WHAT TO PRODUCE: Restate each entry word for word, leaving nothing out.

PROVIDED ENTRIES:
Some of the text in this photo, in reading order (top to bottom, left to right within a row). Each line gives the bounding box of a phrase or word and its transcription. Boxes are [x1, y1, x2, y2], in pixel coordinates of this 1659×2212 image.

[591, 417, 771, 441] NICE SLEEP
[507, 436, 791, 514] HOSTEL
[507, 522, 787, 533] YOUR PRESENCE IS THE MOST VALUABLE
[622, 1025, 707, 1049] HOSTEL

RESULT BELOW:
Some of the text in this photo, in reading order (top to bottom, left to right within a row). Each line gives the bounding box of a phrase or word and its transcription. Boxes are [x1, y1, x2, y2], in pixel coordinates of this 1659×2212 image.

[591, 417, 771, 441] NICE SLEEP
[507, 436, 791, 514] HOSTEL
[507, 522, 787, 533] YOUR PRESENCE IS THE MOST VALUABLE
[622, 1025, 707, 1049] HOSTEL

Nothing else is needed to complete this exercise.